Work order:
Return the entries that follow exactly, with no images.

Available records:
╔══
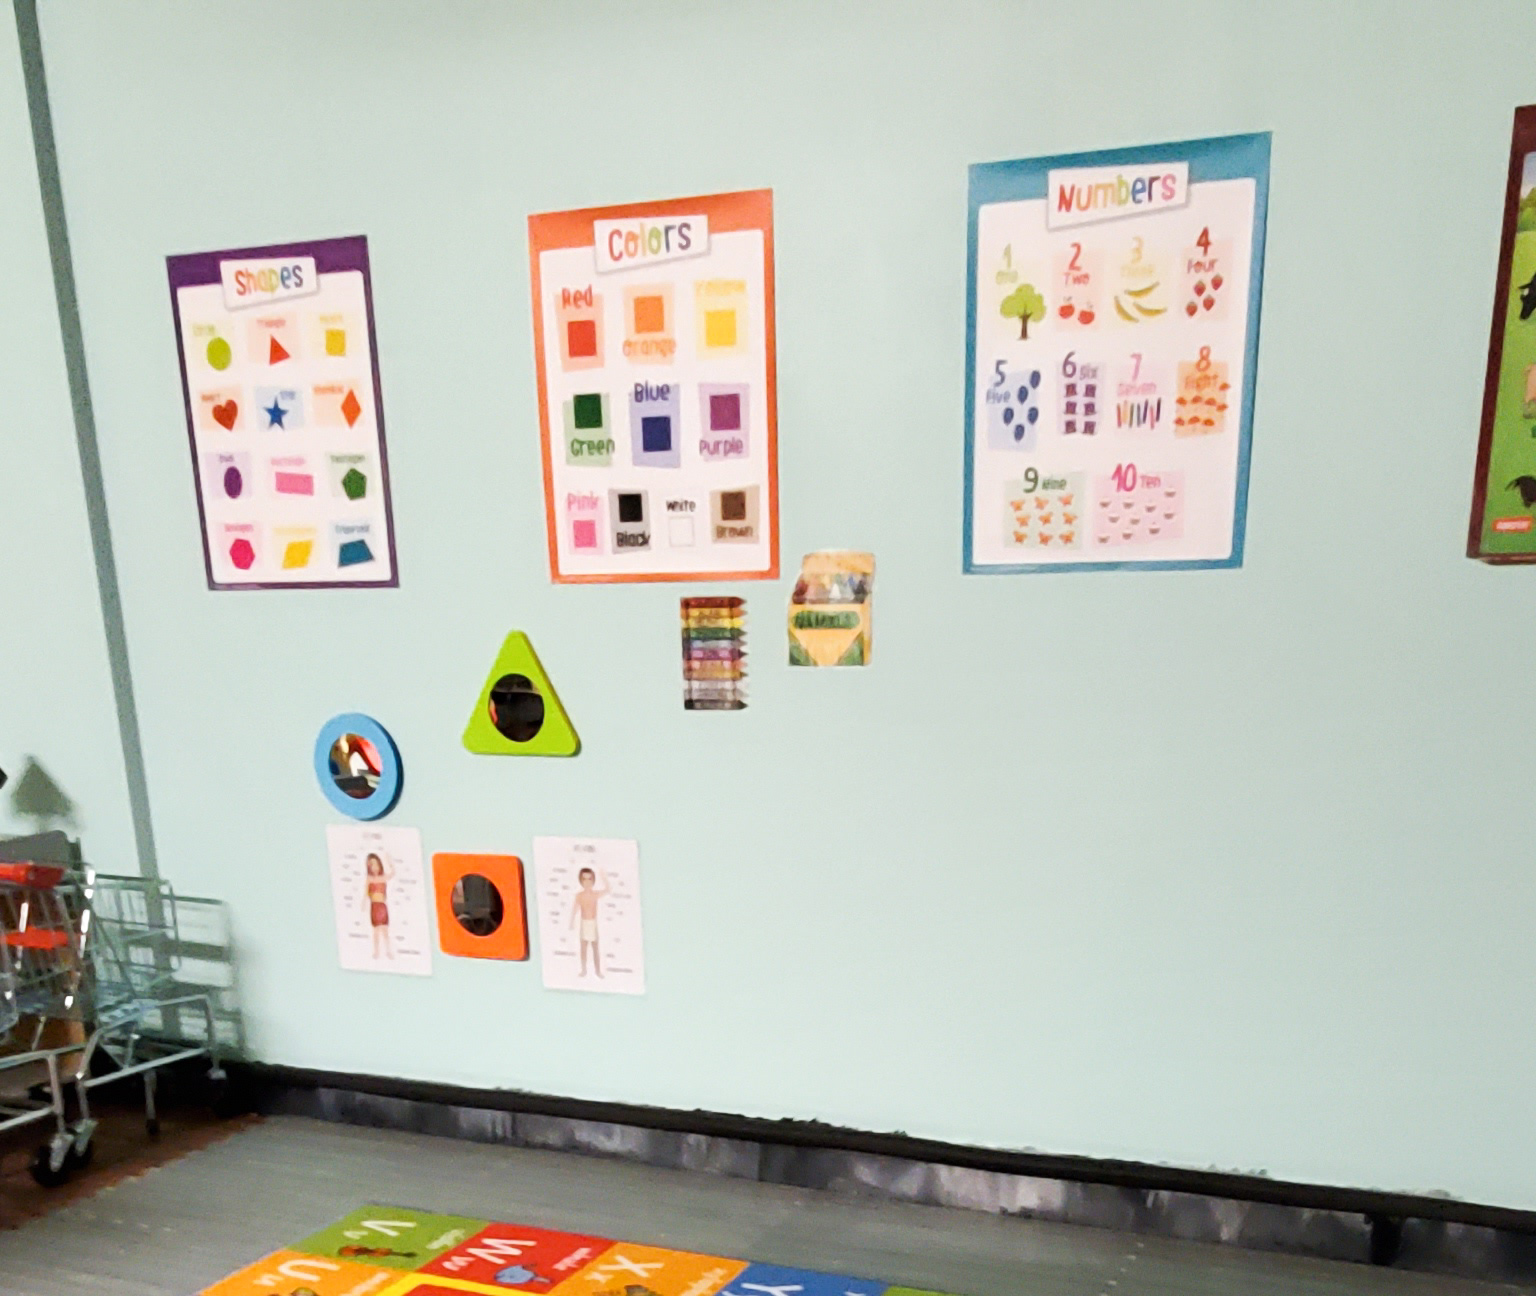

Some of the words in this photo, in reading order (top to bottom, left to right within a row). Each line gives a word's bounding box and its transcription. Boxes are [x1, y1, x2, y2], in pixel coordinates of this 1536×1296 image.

[1057, 172, 1177, 214] Numbers
[607, 222, 692, 262] Colors
[1130, 236, 1144, 265] 3
[1196, 226, 1213, 257] 4
[1001, 243, 1013, 269] 1
[1068, 242, 1084, 271] 2
[233, 264, 304, 297] Shapes
[561, 284, 594, 310] Red
[1062, 351, 1078, 379] 6
[1129, 353, 1144, 381] 7
[1195, 345, 1213, 373] 8
[994, 359, 1009, 388] 5
[633, 382, 671, 403] Blue
[570, 438, 616, 457] Green
[698, 438, 745, 457] Purple
[1023, 467, 1040, 494] 9
[1110, 462, 1138, 493] 10
╚══
Exercise answer:
Some of the words in this photo, in reading order (top to bottom, left to right within a row). Each line gives a word's bounding box and its transcription. Boxes are [x1, y1, x2, y2], in pixel coordinates of this 1536×1296 image.

[1057, 172, 1177, 214] Numbers
[607, 222, 692, 262] Colors
[1130, 236, 1144, 265] 3
[1196, 226, 1213, 257] 4
[1001, 243, 1013, 269] 1
[1068, 242, 1084, 271] 2
[233, 264, 304, 297] Shapes
[561, 284, 594, 310] Red
[1062, 351, 1078, 379] 6
[1129, 353, 1144, 381] 7
[1195, 345, 1213, 373] 8
[994, 359, 1009, 388] 5
[633, 382, 671, 403] Blue
[570, 438, 616, 457] Green
[698, 438, 745, 457] Purple
[1023, 467, 1040, 494] 9
[1110, 462, 1138, 493] 10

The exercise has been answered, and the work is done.